FlixBus, the German Uber-like bus service, is buying rival Eurolines from Transdev

While all eyes are on what Uber, Lyft and Didi will do as consolidation continues among on-demand private transportation services, there are some interesting moves being played out in the adjacent business of bus and coach services.

Today, FlixBus, the German startup backed by Daimler, General Atlantic, Silver Lake and others that has built an Uber-like network to manage bus logistics, drivers and passengers on intercity routes, announced that it is entering a deal to acquire Eurolines, a competing service currently owned by Transdev, a European public transport giant.

FlixBus is active in nearly 30 countries, including the U.S., but this is aimed at expanding services specifically in Europe.

“This acquisition would strengthen our position as market leader in France and allows us to expand our European reach even further by integrating the Eurolines and isilines long-distance route networks,” said Jochen Engert, founder and CEO of FlixBus, in a statement. “With this integration, FlixBus would have an even more-complete and diverse offer to entice even more passengers. We aim to be the number one choice for travelers across Europe.” The companies say they are currently in negotiations with workers’ unions as part of the exclusive talks before the acquisition can be finalised.

Terms of the deal are not being disclosed, spokespeople for Transdev and FlixBus said in a statement to TechCrunch. FlixBus has never disclosed how much it has raised, nor its valuation.

But it is currently Europe’s largest bus service network, with routes in 29 countries and serving some 45 million passengers in 2018. It is rumored both to be eyeing up an IPO and is also valued at more than $1 billion.

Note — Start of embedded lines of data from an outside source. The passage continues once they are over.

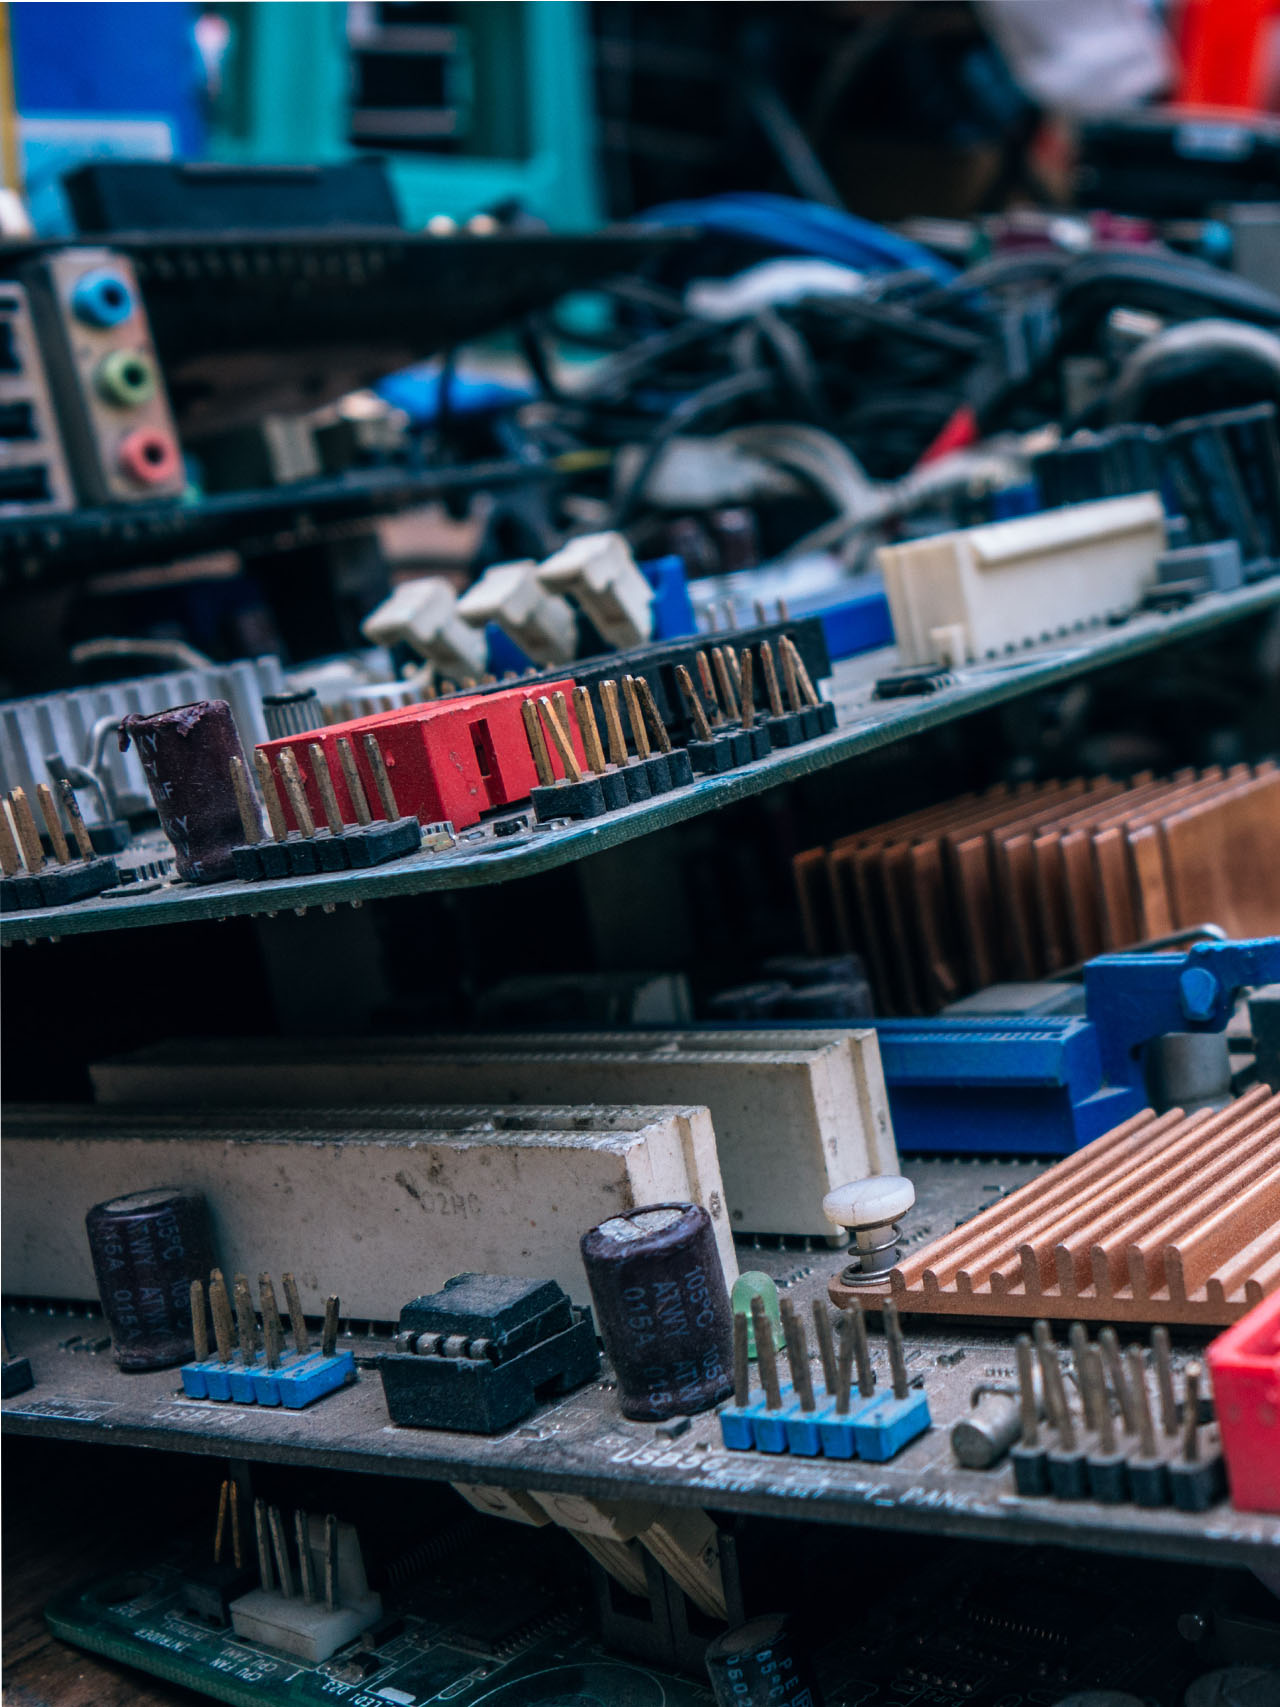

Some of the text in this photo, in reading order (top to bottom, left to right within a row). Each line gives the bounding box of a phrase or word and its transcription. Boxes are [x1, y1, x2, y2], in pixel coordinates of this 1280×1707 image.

[623, 1286, 657, 1348] 015A
[652, 1281, 690, 1338] ATWY
[684, 1265, 715, 1329] 105°C
[207, 1657, 262, 1681] CPU FAN
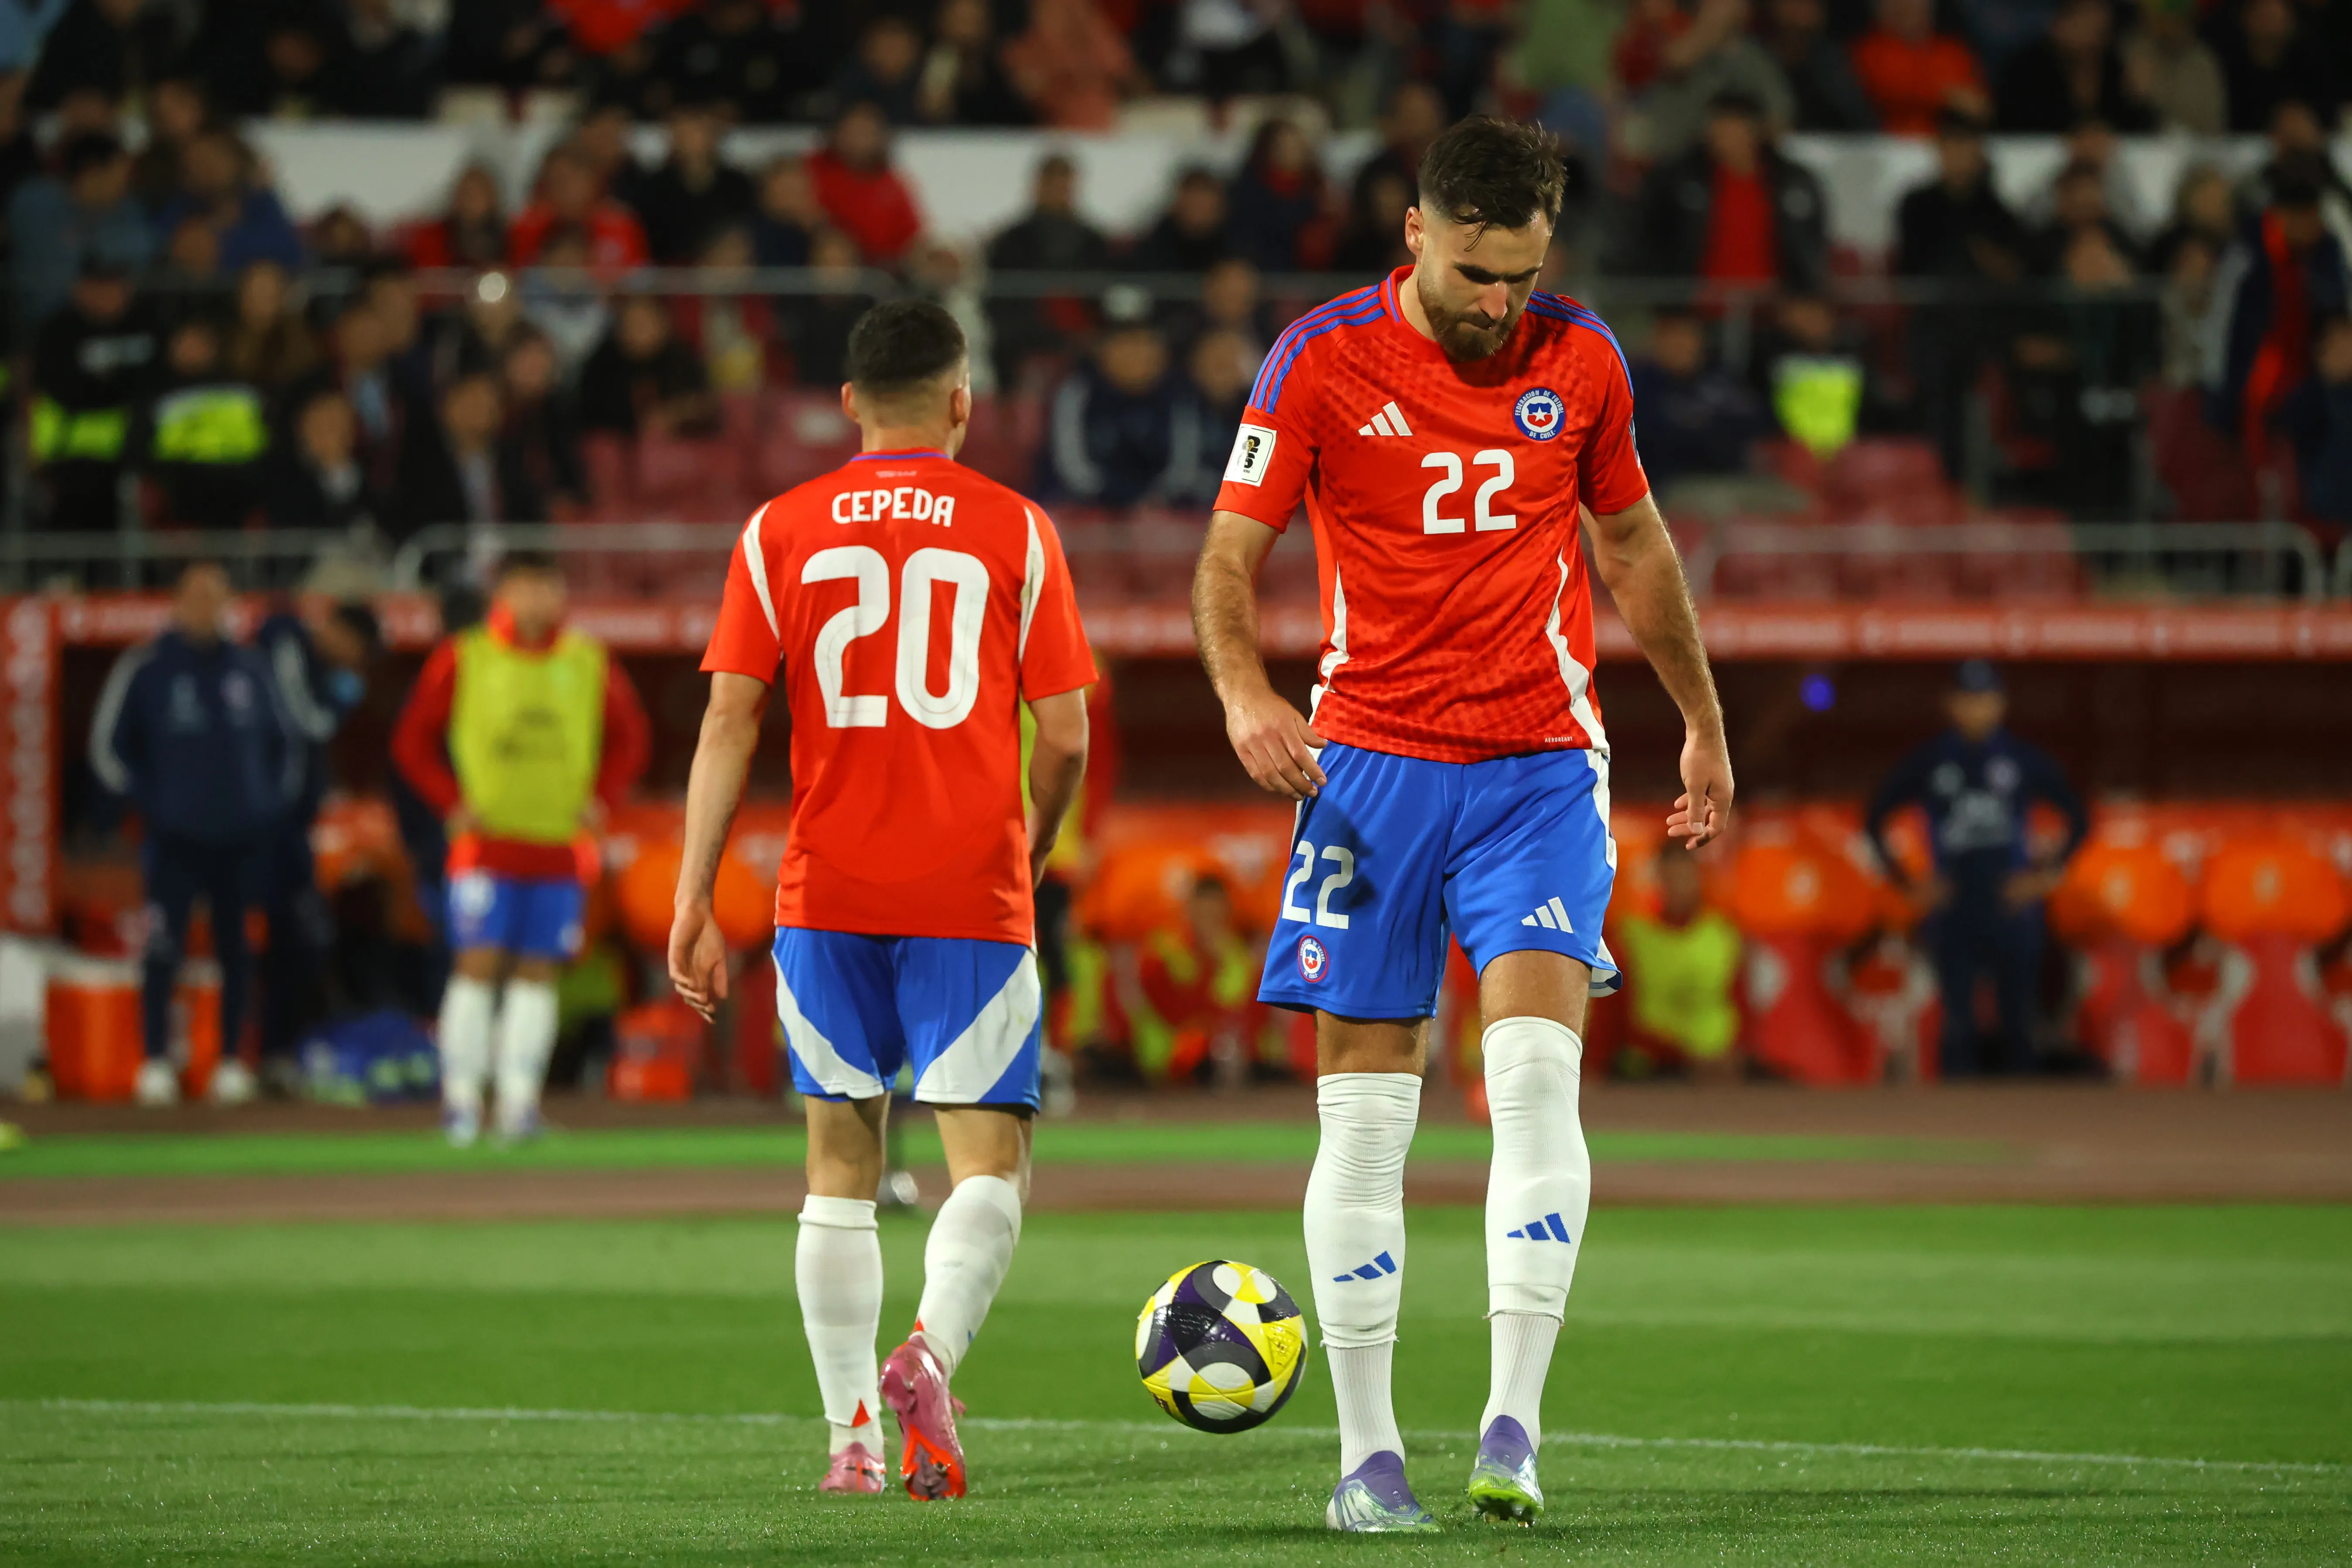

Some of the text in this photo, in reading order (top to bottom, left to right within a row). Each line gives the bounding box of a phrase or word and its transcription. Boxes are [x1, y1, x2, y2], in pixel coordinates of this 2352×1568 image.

[1515, 390, 1540, 416] FEDERACION
[1551, 395, 1564, 415] FUTBOL
[1540, 430, 1556, 439] CHILE
[832, 487, 955, 527] CEPEDA
[1421, 449, 1516, 534] 22
[801, 545, 989, 729] 20
[1282, 840, 1354, 929] 22

Transdev, meanwhile, was last valued at around $1.3 billion, according to PitchBook, after raising nearly $400 million earlier this year. The company, based out of France, has a plan to orient itself away from B2C services under CEO Thierry Mallet (who took over the role last month has been in the role since 2016), to instead focus on public transportation. Divesting Eurolines would be in keeping with that.

“The decision to enter exclusive negotiations with FlixBus regarding the potential divestment from Eurolines is in line with Transdev’s strategic plan,” said Mallet in a statement. “It would enable us to focus our resources on the core of our business, public transit and B2B transportation services by combining performance at best cost, technological and digital innovation, specifically to improve the customer experience.”

It’s not clear how big Eurolines/isilines is relative to Transdev overall, but the former business appears to be growing: it transported 2.5 million passengers in 2018, up 10 percent compared to 2017, a spokesperson told TechCrunch. (Still, a small business compared to FlixBus’ operation.)

The deal represents a big consolidation move in the area of bus services — and specifically services that help manage the movement of buses, rather than the physical bus companies themselves.

Similar to Uber, FlixBus and Eurolines do not take on the capital expenditure and operational costs of owning fleets of vehicles. Instead, they provide a service to bus companies with fleets of their own to provide them with an efficient network to sell tickets and organise schedules around their services.

They also take a hand in customising the buses that work on their services, with Wi-Fi and other features.

Greyhound-style long-distance bus services may not be the first thing that comes to mind when you think of state-of-the-art travel, but both Transdev and FlixBus have been trying to change that. FlixBus, which recently entered the U.S. market, started to pilot VR services on specific routes this year. Transdev, meanwhile, has been one of the companies building autonomous driving for buses.

With this deal, FlixBus would be bulking up in Europe specifically to help it take on not just other modes of transport like trains, planes and automobiles, but also to compete against other bus companies.

Just a few months ago, France’s BlaBlaCar announced that it would acquire yet another hopeful in the space, Ouibus, from SNCF (France’s public transport provider). With others like Uber also recently launching its first forays into bus services, coach companies will have to bust (bused?) a move if they hope to stay ahead in the bus game.